(Annotated photo localization data)
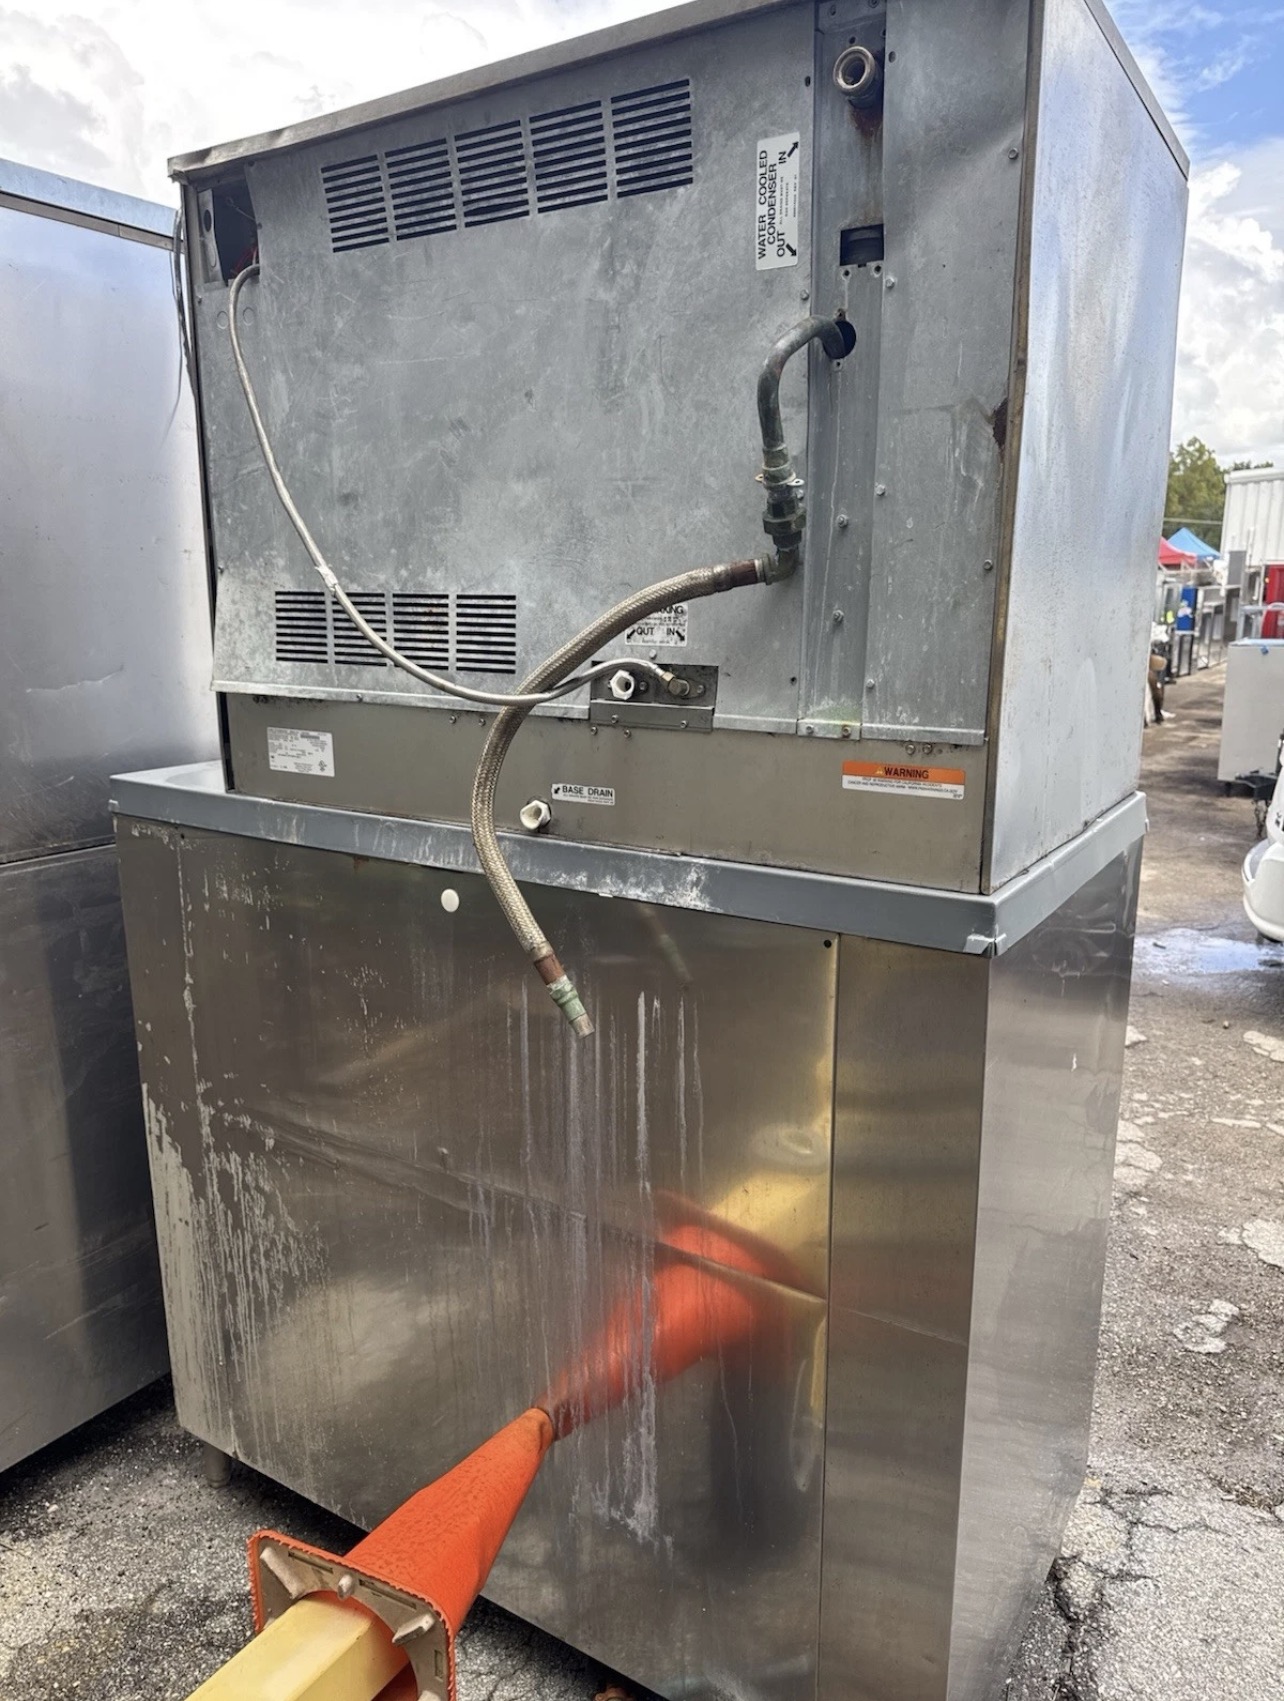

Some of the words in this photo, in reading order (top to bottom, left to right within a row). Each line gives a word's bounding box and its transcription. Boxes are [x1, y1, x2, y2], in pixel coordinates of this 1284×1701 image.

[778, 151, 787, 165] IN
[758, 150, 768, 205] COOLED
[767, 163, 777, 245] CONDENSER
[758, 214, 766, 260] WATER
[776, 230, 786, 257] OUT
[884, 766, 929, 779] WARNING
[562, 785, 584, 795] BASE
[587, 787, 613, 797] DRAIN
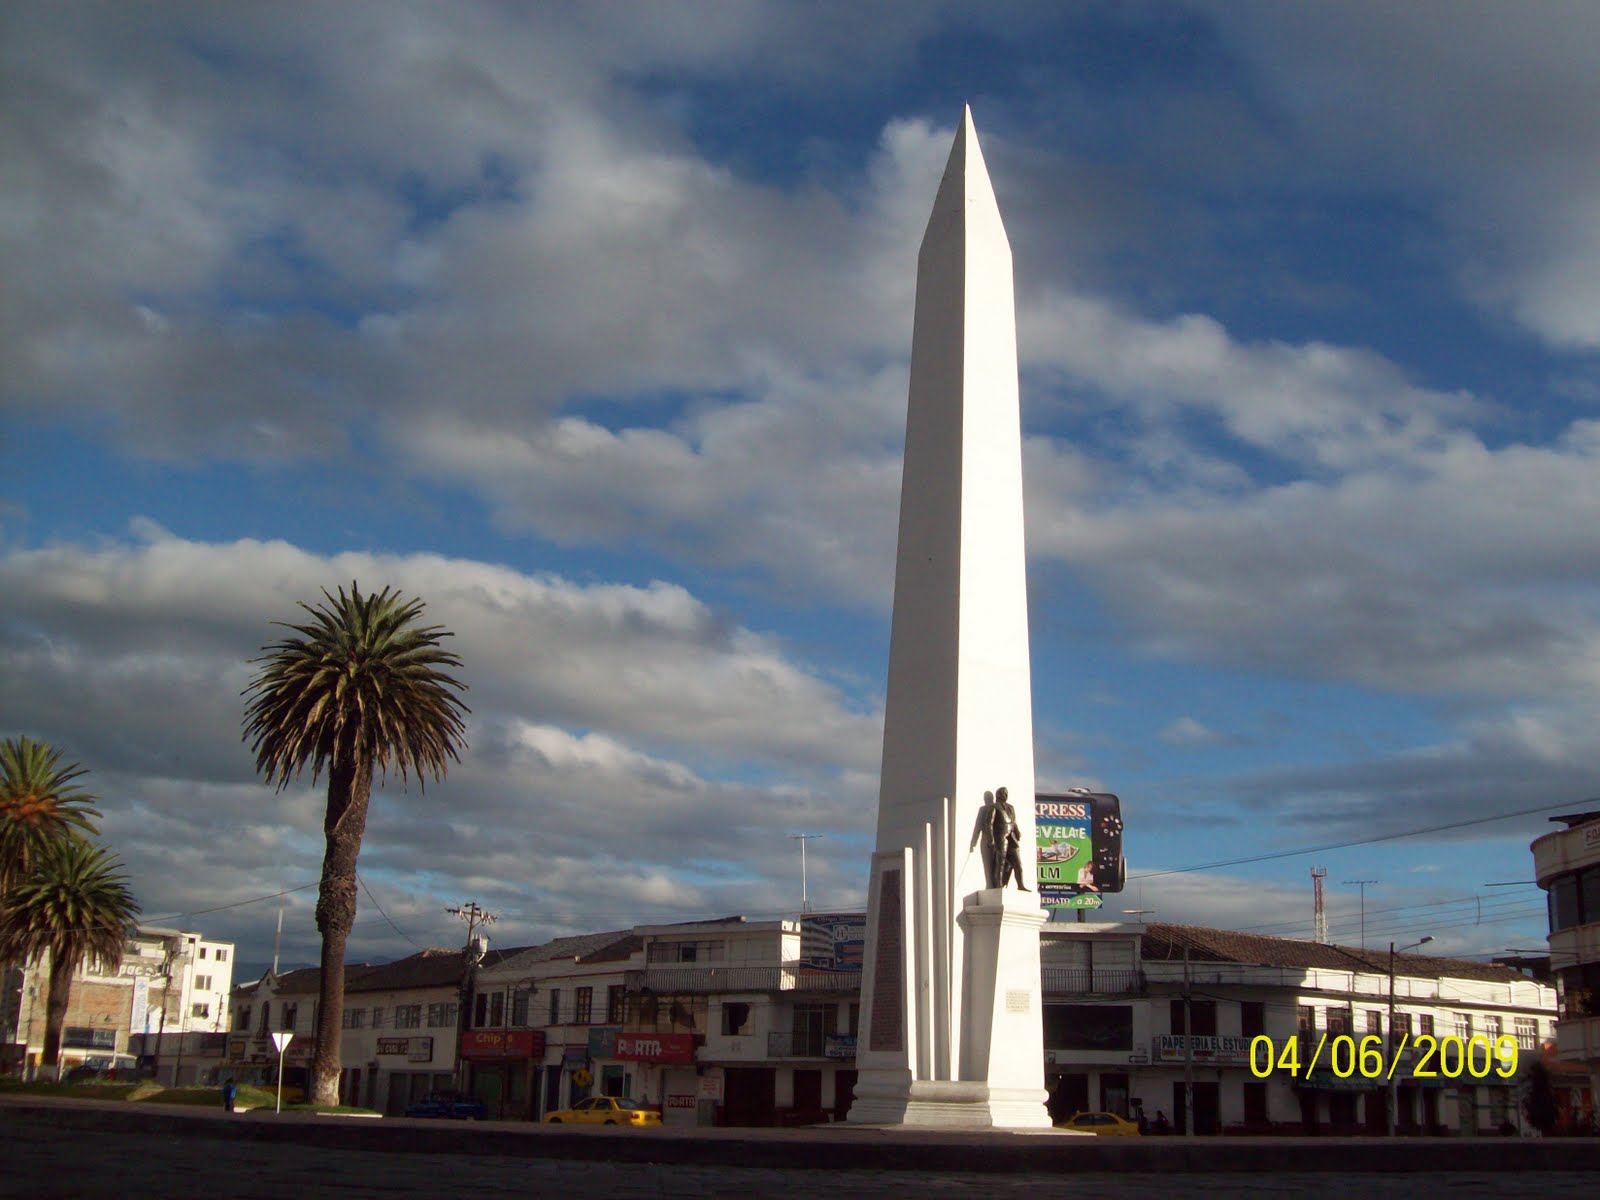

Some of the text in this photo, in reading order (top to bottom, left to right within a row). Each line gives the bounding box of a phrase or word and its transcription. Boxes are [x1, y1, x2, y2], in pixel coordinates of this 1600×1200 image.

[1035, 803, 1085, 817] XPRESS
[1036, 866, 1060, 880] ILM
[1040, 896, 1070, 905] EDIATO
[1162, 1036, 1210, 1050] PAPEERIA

* **WHAT YOU SHOULD DO**
Set down exactly, and only, the lines from the one containing "Some of the text" to the final line of the data.

* **WRITTEN ANSWER**
Some of the text in this photo, in reading order (top to bottom, left to right within a row). Each line gives the bounding box of a phrase or word and its transcription. Boxes are [x1, y1, x2, y2], in pixel coordinates of this 1600×1200 image.

[1035, 803, 1085, 817] XPRESS
[1036, 866, 1060, 880] ILM
[1040, 896, 1070, 905] EDIATO
[1162, 1036, 1210, 1050] PAPEERIA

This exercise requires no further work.